RECORD SET section start
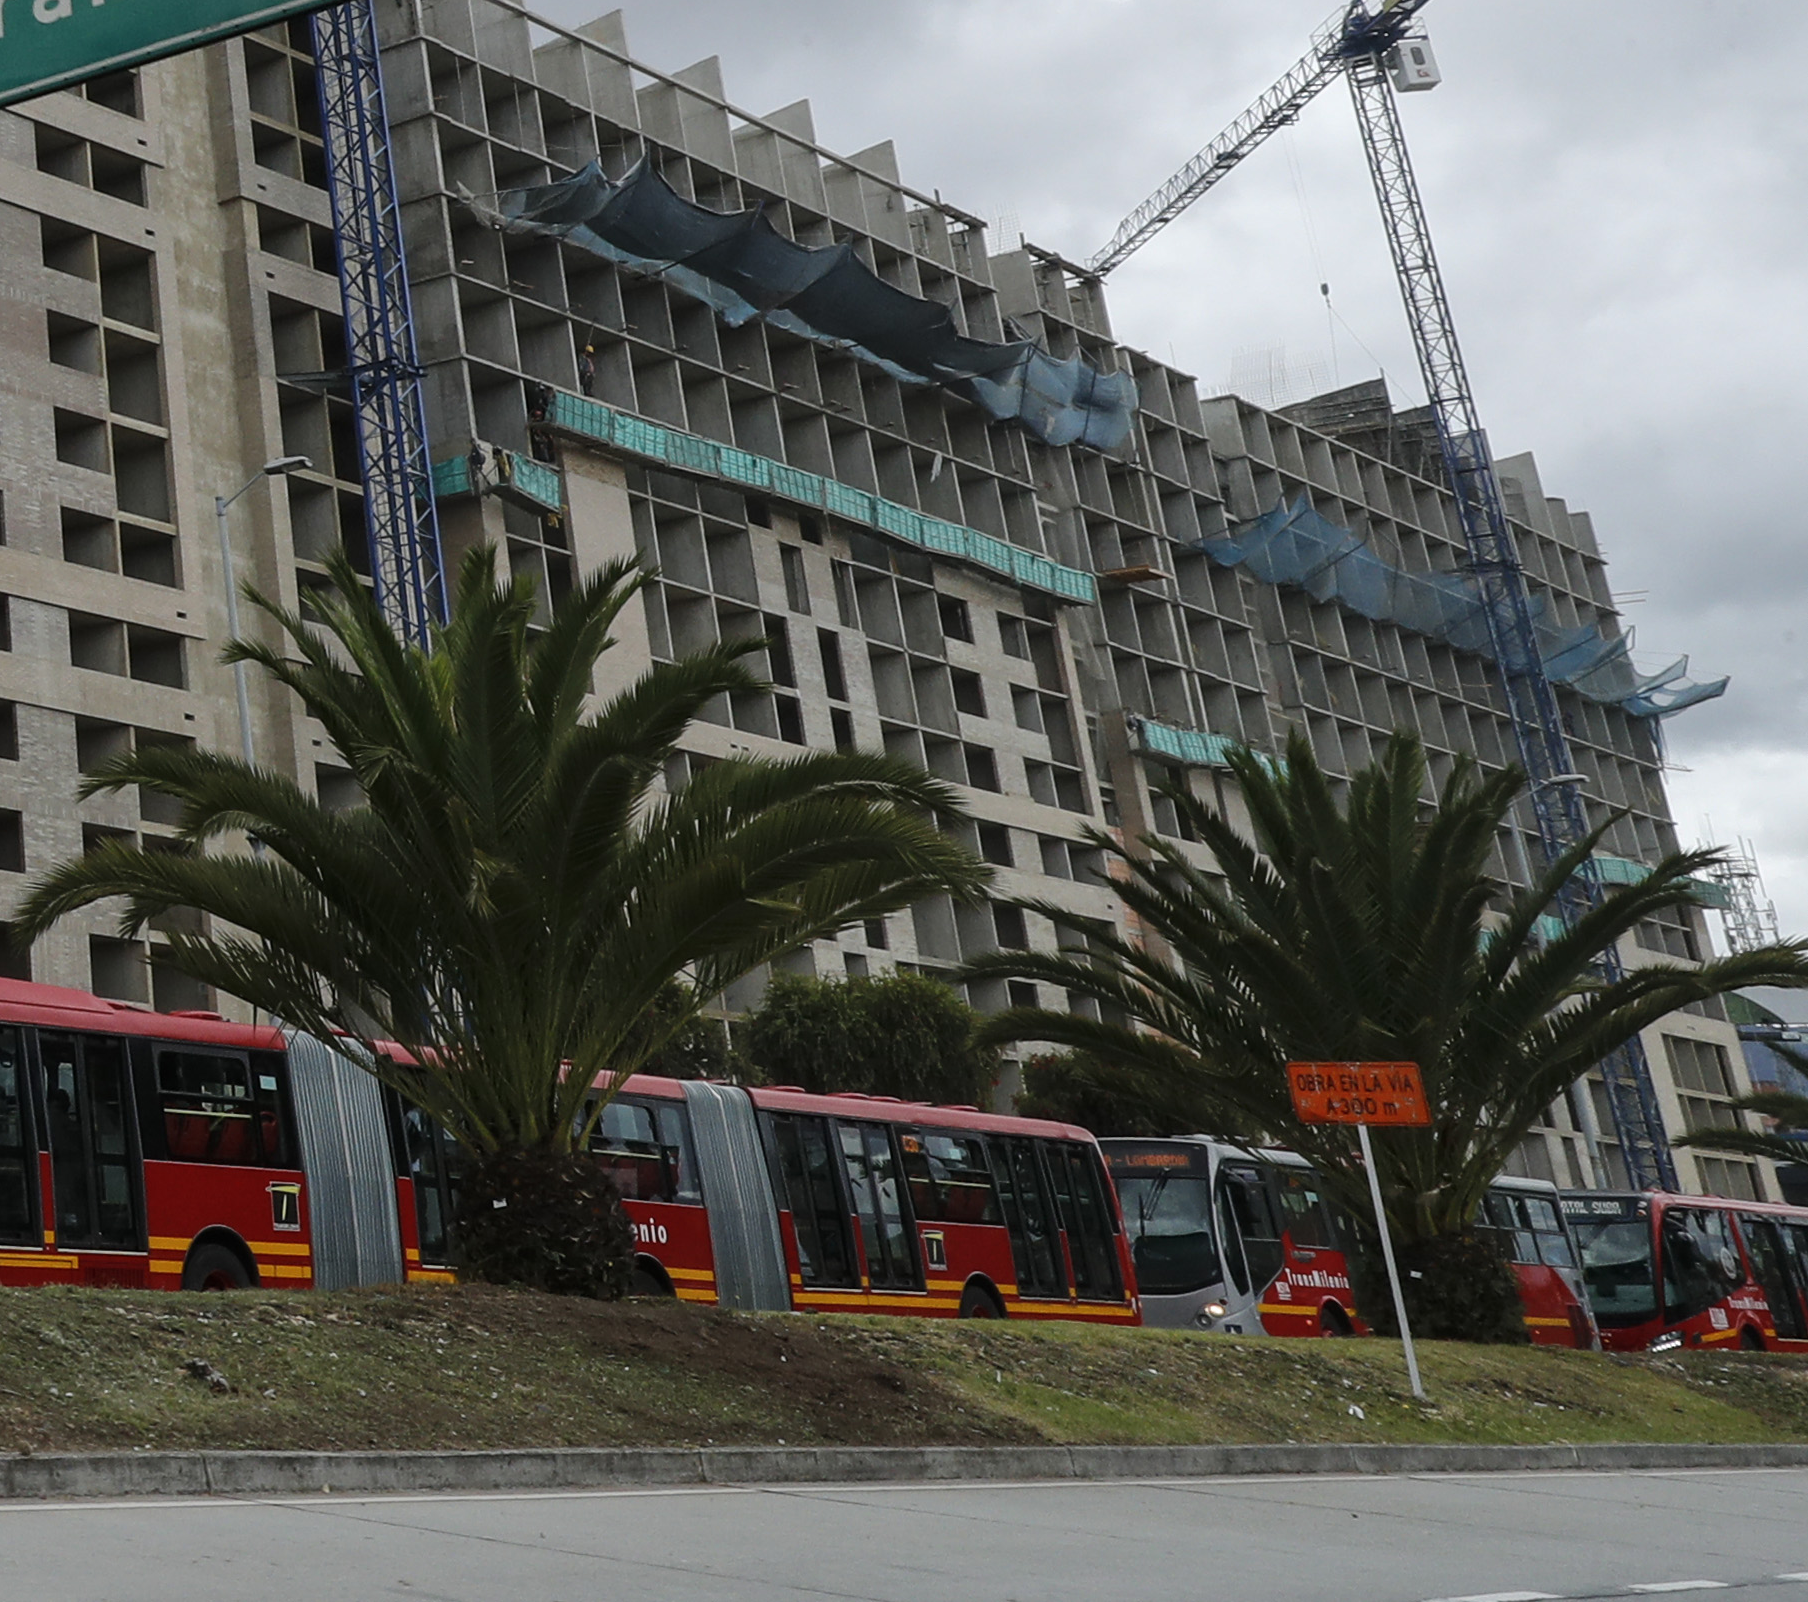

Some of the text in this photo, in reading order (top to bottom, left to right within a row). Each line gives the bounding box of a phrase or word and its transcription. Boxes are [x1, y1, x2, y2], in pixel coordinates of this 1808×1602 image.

[1296, 1073, 1337, 1094] OBRA
[1340, 1074, 1360, 1093] EN
[1362, 1073, 1383, 1093] LA
[1340, 1098, 1378, 1116] 300
RECORD SET section end
Copy every line of the data exactly as written, excluding the pictures.

Some of the text in this photo, in reading order (top to bottom, left to right within a row). Each line gives the bounding box of a phrase or word and its transcription. Boxes are [x1, y1, x2, y2], in pixel coordinates of this 1808×1602 image.

[1296, 1073, 1337, 1094] OBRA
[1340, 1074, 1360, 1093] EN
[1362, 1073, 1383, 1093] LA
[1340, 1098, 1378, 1116] 300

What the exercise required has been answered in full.